We had decided to separate in order to shake them. After dropping me near the Danube Corso, Hiram would drive Walter to Buda, then return to Pest to abandon the car. We agreed to meet at three o’clock near the railway tracks, a quarter mile from the Jozsefvaros yards.
Hiram had said the chances were that one of us would come out of the yards. There would be a car in an alley at 188 Asztalos Sandor ut which borders the tracks from Keleti to Jozsefvaros and was close by our three-o’clock meeting-place. Hiram estimated forty minutes to reach the makeshift flying-field, which meant that whichever of us got to the car would have to get there by seven o’clock.
I found before leaving the house that I could handle a gun, although with some difficulty and at the risk of opening the wounds on my hands. Each of us carried two ammunition clips for our Lugers. With one cartridge already in each chamber, that gave us seventeen shots apiece, which Hiram suggested should be enough to take over the city.

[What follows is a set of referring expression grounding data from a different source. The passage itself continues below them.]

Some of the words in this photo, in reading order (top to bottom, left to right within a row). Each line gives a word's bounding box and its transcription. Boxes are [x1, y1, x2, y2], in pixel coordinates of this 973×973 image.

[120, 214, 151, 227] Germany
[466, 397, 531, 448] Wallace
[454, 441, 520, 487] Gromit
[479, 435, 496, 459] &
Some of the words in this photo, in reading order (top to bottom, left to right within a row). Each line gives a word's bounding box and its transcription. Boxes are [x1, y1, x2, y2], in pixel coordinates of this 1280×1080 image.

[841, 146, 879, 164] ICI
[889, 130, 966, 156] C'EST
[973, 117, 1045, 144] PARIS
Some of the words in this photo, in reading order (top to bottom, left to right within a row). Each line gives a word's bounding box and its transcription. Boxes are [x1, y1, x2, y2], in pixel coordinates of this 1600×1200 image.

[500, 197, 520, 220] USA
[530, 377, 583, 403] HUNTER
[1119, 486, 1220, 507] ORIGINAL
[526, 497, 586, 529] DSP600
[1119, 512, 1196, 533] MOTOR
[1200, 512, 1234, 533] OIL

When I left the car it was the first time I’d been alone and on foot in the center of Budapest in more than nine years. I found myself in front of the o
ld redoubt. Across the square and facing the Danube had been the Hangli Gardens, traditional afternoon drinking spot for American and British newspapermen. Now the Hangli was gone. In its place was a tall stone shaft with a tiny stone airplane on top, Russia’s memorial to her pilots who died in the city’s capture from the Nazis. The square had been renamed in honor of Molotov.

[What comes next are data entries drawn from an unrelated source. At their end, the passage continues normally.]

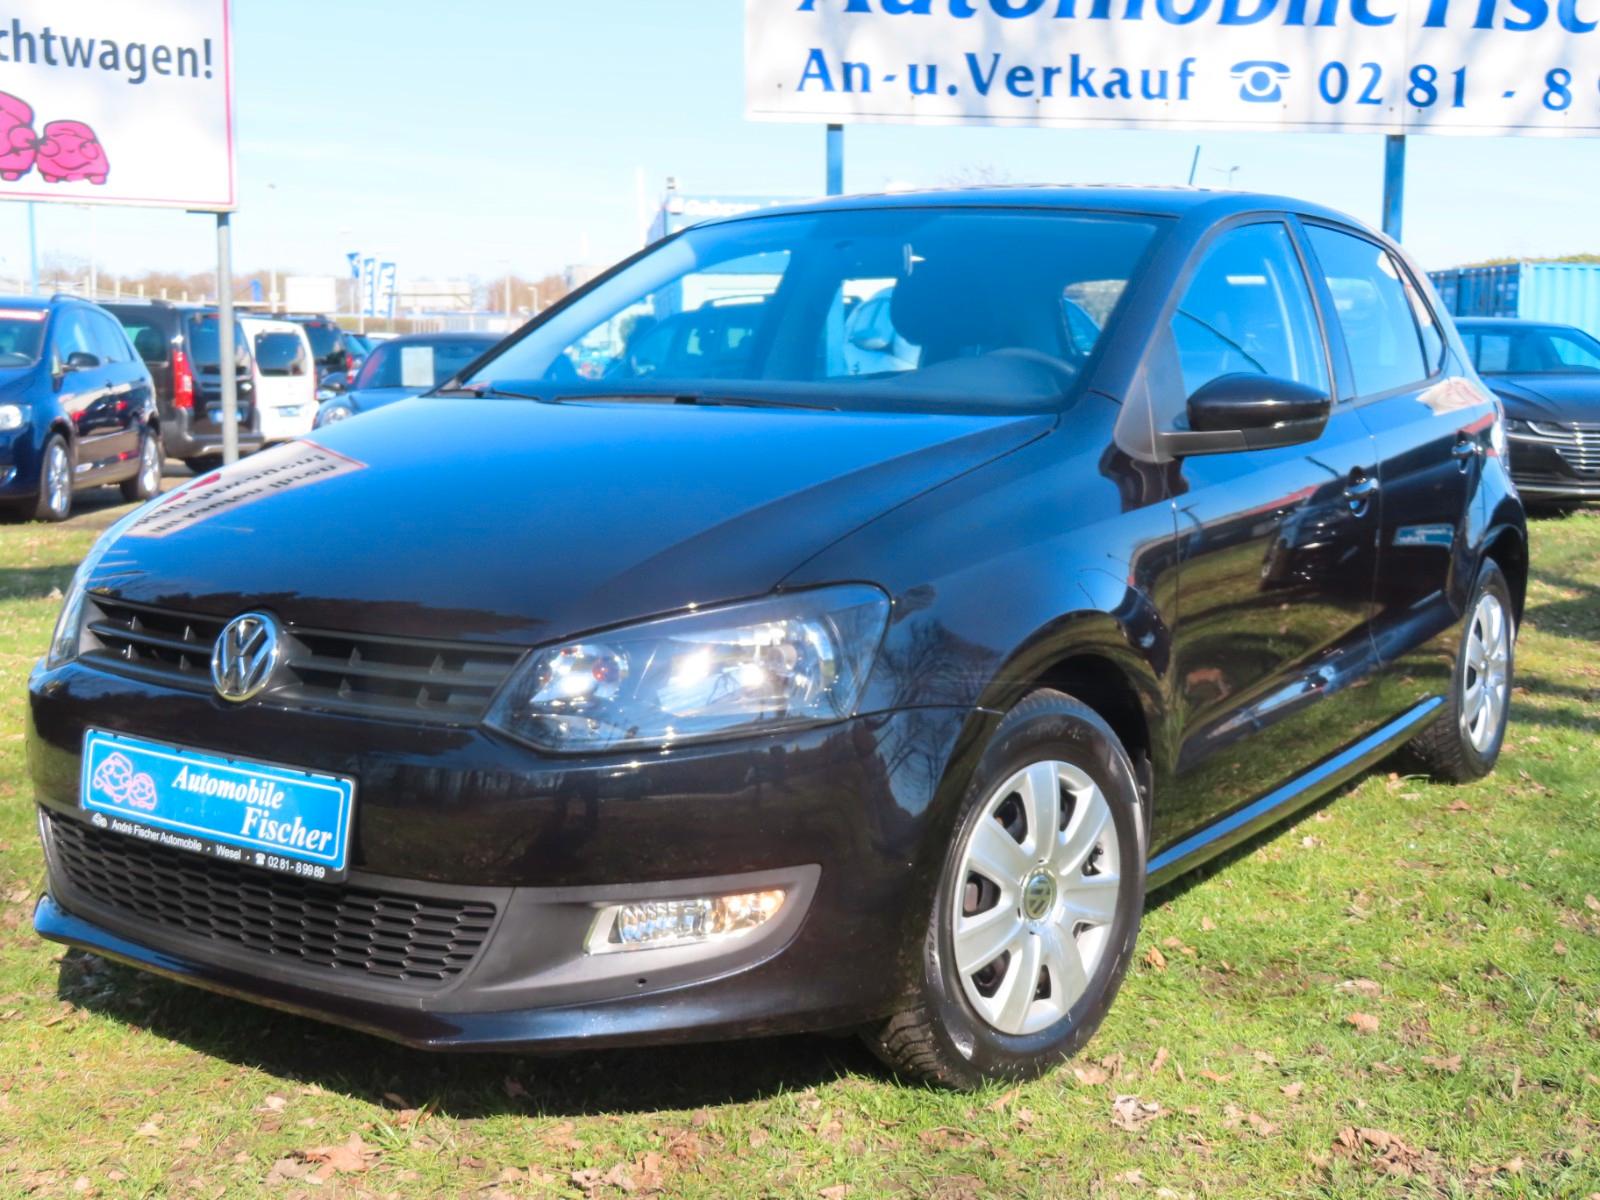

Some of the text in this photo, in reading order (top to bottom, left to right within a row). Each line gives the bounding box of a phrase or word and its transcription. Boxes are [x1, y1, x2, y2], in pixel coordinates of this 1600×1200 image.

[171, 765, 285, 809] Automobile
[133, 824, 160, 840] Fischer
[160, 832, 202, 852] Automobile
[216, 844, 242, 860] Wesel
[240, 806, 333, 852] Fischer

I walked through the Vaci utca, a glittering shopping center before the war. The old familiar names were on the stores but nearly every one bore the sign Nationalized, and the show windows were bare.
There were pictures of Generalissimo Stalin everywhere. It gave me the chills to see the mustachioed dictator’s face side by side with the yellow posters inviting my capture.
I walked past the Belvarosi coffeehouse, and the gypsy band was playing the melody that reminded me of Maria just when I wanted to forget how much she had come to mean to me. I knew what lay ahead and how little chance there was that I should ever see her again.
Then, my love, let us try while the moonlight is clear, Amid the dark forest that fiddle to hear.
I won’t pretend my nerves were calm. I fancied I saw an MVD agent in every man and woman I passed. It was the same on the bus; each new passenger seemed vaguely familiar. I’d seen their faces before. I sat in the back of the bus; I expected at any moment to feel a gun in my ribs.
There was one heavyset man I was sure had been on the train to Budapest. He left the bus behind me; for two blocks the crunching of heavy footsteps in the snow told me I was being followed.
I checked an impulse to run. Instead, I turned into a side street, off the avenue that would take me to Hiram and Walter. The footsteps were louder than ever.
The night was bitter cold and clear. The moon had not yet risen, but there was sufficient light from the stars to tell me, when there was no possibility of turning back, that I had entered a dead-end street.